**WHAT IS NEEDED**
Please transcribe all of the records precisely.
Segment Start: THE DATA
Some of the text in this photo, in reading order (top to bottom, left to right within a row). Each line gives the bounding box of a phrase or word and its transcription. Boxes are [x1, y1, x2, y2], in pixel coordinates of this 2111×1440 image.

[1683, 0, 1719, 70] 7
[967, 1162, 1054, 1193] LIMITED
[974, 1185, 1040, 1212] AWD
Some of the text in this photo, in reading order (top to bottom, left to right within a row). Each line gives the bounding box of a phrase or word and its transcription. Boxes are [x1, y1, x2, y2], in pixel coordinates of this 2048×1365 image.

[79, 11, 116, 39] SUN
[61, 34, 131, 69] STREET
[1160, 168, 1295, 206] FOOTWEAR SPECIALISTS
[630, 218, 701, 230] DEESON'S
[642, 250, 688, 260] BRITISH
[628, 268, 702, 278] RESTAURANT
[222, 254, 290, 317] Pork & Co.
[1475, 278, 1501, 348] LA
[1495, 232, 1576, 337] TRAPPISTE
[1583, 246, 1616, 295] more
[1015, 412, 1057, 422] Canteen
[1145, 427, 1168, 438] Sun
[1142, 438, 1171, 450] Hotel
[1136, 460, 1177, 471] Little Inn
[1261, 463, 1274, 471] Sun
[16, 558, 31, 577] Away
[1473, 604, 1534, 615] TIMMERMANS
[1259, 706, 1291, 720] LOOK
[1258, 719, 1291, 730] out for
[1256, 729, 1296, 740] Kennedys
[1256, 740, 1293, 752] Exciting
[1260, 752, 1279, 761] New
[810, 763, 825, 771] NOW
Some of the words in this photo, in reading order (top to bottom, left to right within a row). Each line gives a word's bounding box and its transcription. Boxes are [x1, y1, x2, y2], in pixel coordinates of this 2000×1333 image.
Segment End: THE DATA
**PROBLEM SOLUTION**
Some of the text in this photo, in reading order (top to bottom, left to right within a row). Each line gives the bounding box of a phrase or word and its transcription. Boxes are [x1, y1, x2, y2], in pixel coordinates of this 2111×1440 image.

[1683, 0, 1719, 70] 7
[967, 1162, 1054, 1193] LIMITED
[974, 1185, 1040, 1212] AWD
Some of the text in this photo, in reading order (top to bottom, left to right within a row). Each line gives the bounding box of a phrase or word and its transcription. Boxes are [x1, y1, x2, y2], in pixel coordinates of this 2048×1365 image.

[79, 11, 116, 39] SUN
[61, 34, 131, 69] STREET
[1160, 168, 1295, 206] FOOTWEAR SPECIALISTS
[630, 218, 701, 230] DEESON'S
[642, 250, 688, 260] BRITISH
[628, 268, 702, 278] RESTAURANT
[222, 254, 290, 317] Pork & Co.
[1475, 278, 1501, 348] LA
[1495, 232, 1576, 337] TRAPPISTE
[1583, 246, 1616, 295] more
[1015, 412, 1057, 422] Canteen
[1145, 427, 1168, 438] Sun
[1142, 438, 1171, 450] Hotel
[1136, 460, 1177, 471] Little Inn
[1261, 463, 1274, 471] Sun
[16, 558, 31, 577] Away
[1473, 604, 1534, 615] TIMMERMANS
[1259, 706, 1291, 720] LOOK
[1258, 719, 1291, 730] out for
[1256, 729, 1296, 740] Kennedys
[1256, 740, 1293, 752] Exciting
[1260, 752, 1279, 761] New
[810, 763, 825, 771] NOW
Some of the words in this photo, in reading order (top to bottom, left to right within a row). Each line gives a word's bounding box and its transcription. Boxes are [x1, y1, x2, y2], in pixel coordinates of this 2000×1333 image.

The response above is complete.